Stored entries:
Content starts

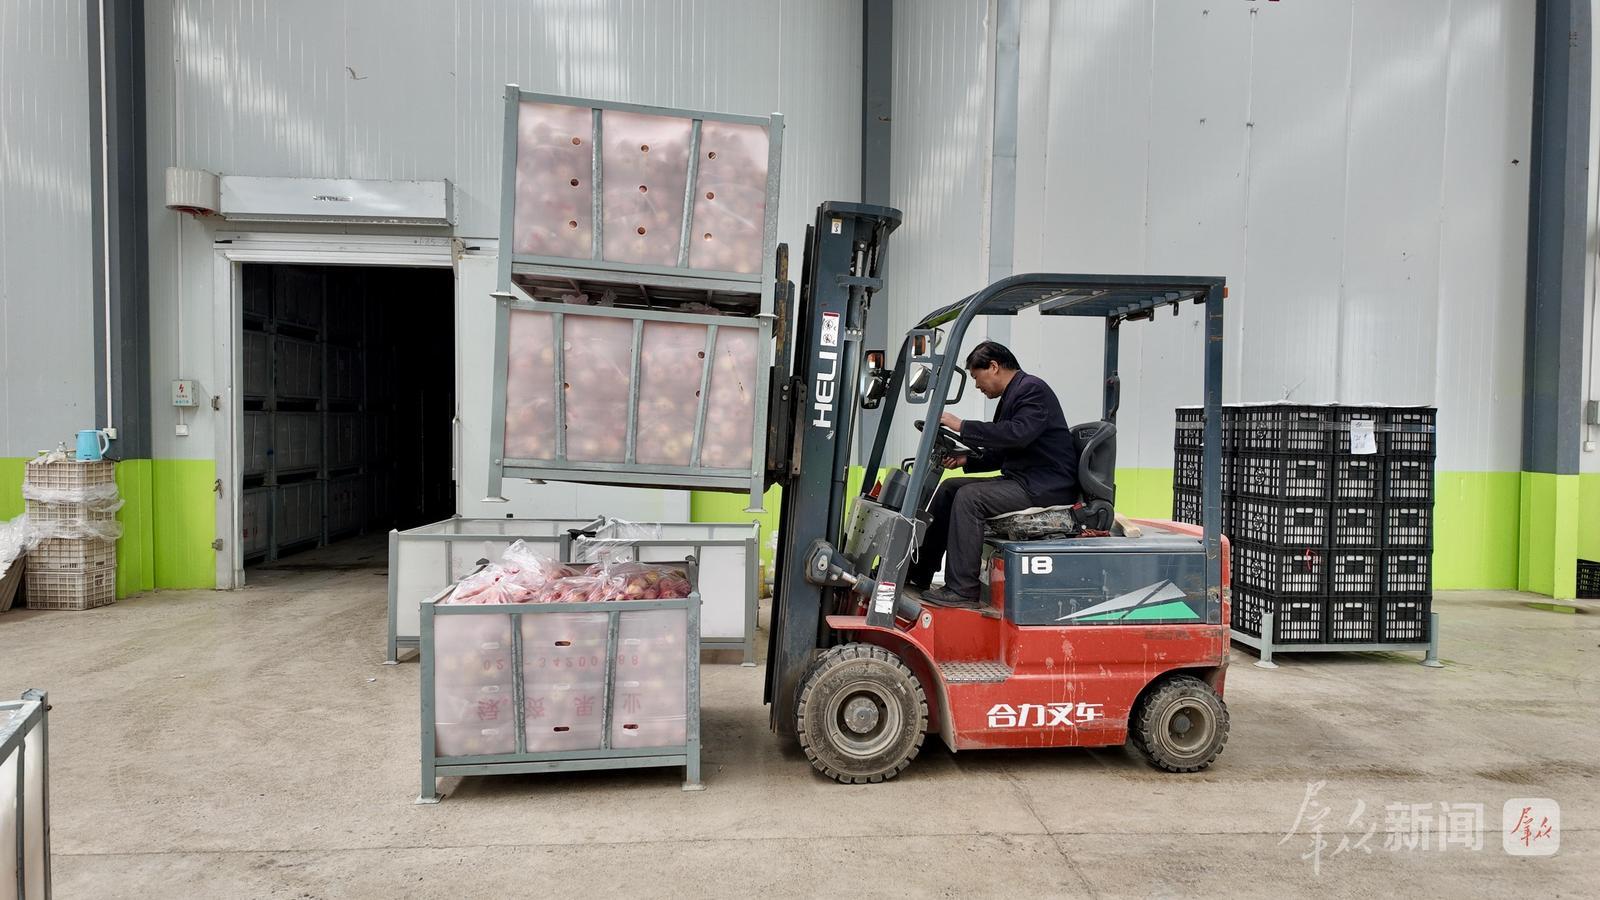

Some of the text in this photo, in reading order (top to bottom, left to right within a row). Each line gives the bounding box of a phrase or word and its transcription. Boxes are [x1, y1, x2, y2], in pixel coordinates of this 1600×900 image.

[813, 351, 838, 428] HELI
[1021, 556, 1053, 575] 18
[986, 702, 1104, 728] 合力叉车
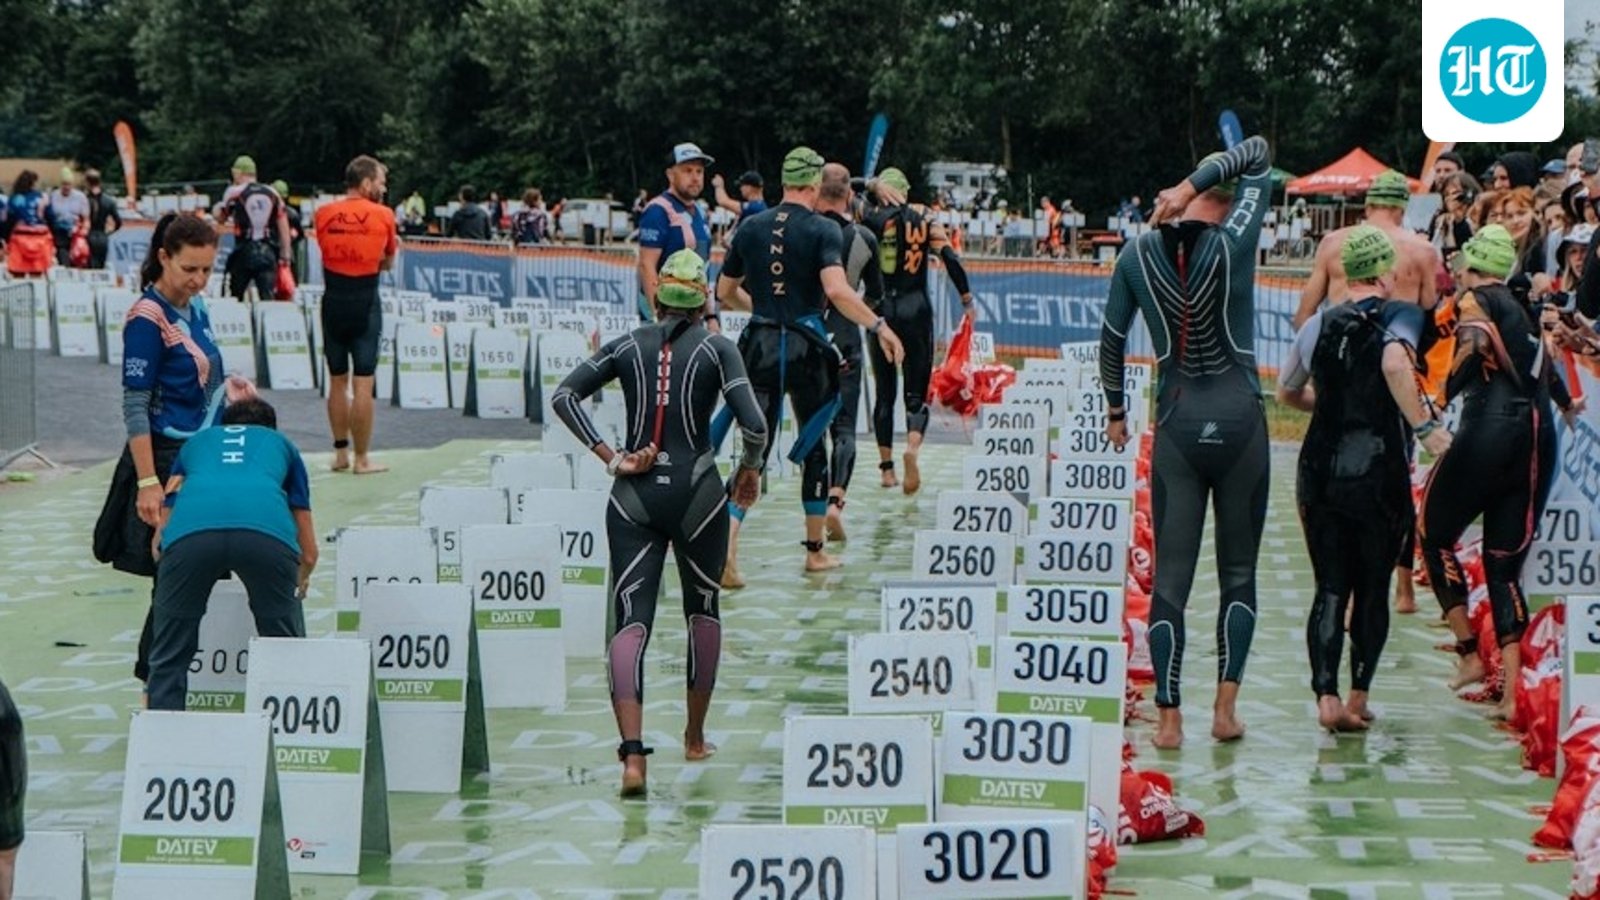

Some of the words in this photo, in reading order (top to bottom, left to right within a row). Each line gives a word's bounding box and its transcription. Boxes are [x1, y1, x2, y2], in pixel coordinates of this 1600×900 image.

[769, 212, 789, 295] RYZON
[403, 345, 438, 358] 1660
[480, 351, 514, 364] 1650
[1070, 430, 1126, 454] 309
[975, 465, 1030, 492] 2580
[1065, 463, 1127, 491] 3080
[952, 505, 1013, 533] 2570
[1050, 501, 1118, 531] 3070
[1533, 508, 1580, 542] 70
[929, 545, 996, 577] 2560
[1038, 541, 1114, 574] 3060
[1536, 550, 1600, 586] 356
[480, 570, 545, 601] 2060
[491, 610, 536, 624] DATEV
[899, 596, 974, 632] 2550
[1025, 588, 1109, 624] 3050
[377, 634, 450, 669] 2050
[1013, 642, 1109, 685] 3040
[383, 680, 435, 695] DATEV
[869, 655, 953, 697] 2540
[186, 693, 236, 708] DATEV
[261, 695, 342, 735] 2040
[1029, 695, 1088, 713] DATEV
[276, 747, 331, 764] DATEV
[962, 716, 1072, 766] 3030
[806, 742, 903, 789] 2530
[143, 777, 236, 822] 2030
[980, 779, 1047, 799] DATEV
[823, 807, 889, 825] DATEV
[156, 838, 219, 856] DATEV
[922, 827, 1051, 884] 3020
[730, 856, 845, 900] 2520

Content ends

How to complete this task >>
Verbatim repetition of the entries is required, excluding any pictures.

Written response >>
Some of the text in this photo, in reading order (top to bottom, left to right within a row). Each line gives the bounding box of a phrase or word and its transcription. Boxes are [x1, y1, x2, y2], in pixel coordinates of this 1600×900 image.

[813, 351, 838, 428] HELI
[1021, 556, 1053, 575] 18
[986, 702, 1104, 728] 合力叉车

Some of the words in this photo, in reading order (top to bottom, left to right within a row). Each line gives a word's bounding box and its transcription. Boxes are [x1, y1, x2, y2], in pixel coordinates of this 1600×900 image.

[769, 212, 789, 295] RYZON
[403, 345, 438, 358] 1660
[480, 351, 514, 364] 1650
[1070, 430, 1126, 454] 309
[975, 465, 1030, 492] 2580
[1065, 463, 1127, 491] 3080
[952, 505, 1013, 533] 2570
[1050, 501, 1118, 531] 3070
[1533, 508, 1580, 542] 70
[929, 545, 996, 577] 2560
[1038, 541, 1114, 574] 3060
[1536, 550, 1600, 586] 356
[480, 570, 545, 601] 2060
[491, 610, 536, 624] DATEV
[899, 596, 974, 632] 2550
[1025, 588, 1109, 624] 3050
[377, 634, 450, 669] 2050
[1013, 642, 1109, 685] 3040
[383, 680, 435, 695] DATEV
[869, 655, 953, 697] 2540
[186, 693, 236, 708] DATEV
[261, 695, 342, 735] 2040
[1029, 695, 1088, 713] DATEV
[276, 747, 331, 764] DATEV
[962, 716, 1072, 766] 3030
[806, 742, 903, 789] 2530
[143, 777, 236, 822] 2030
[980, 779, 1047, 799] DATEV
[823, 807, 889, 825] DATEV
[156, 838, 219, 856] DATEV
[922, 827, 1051, 884] 3020
[730, 856, 845, 900] 2520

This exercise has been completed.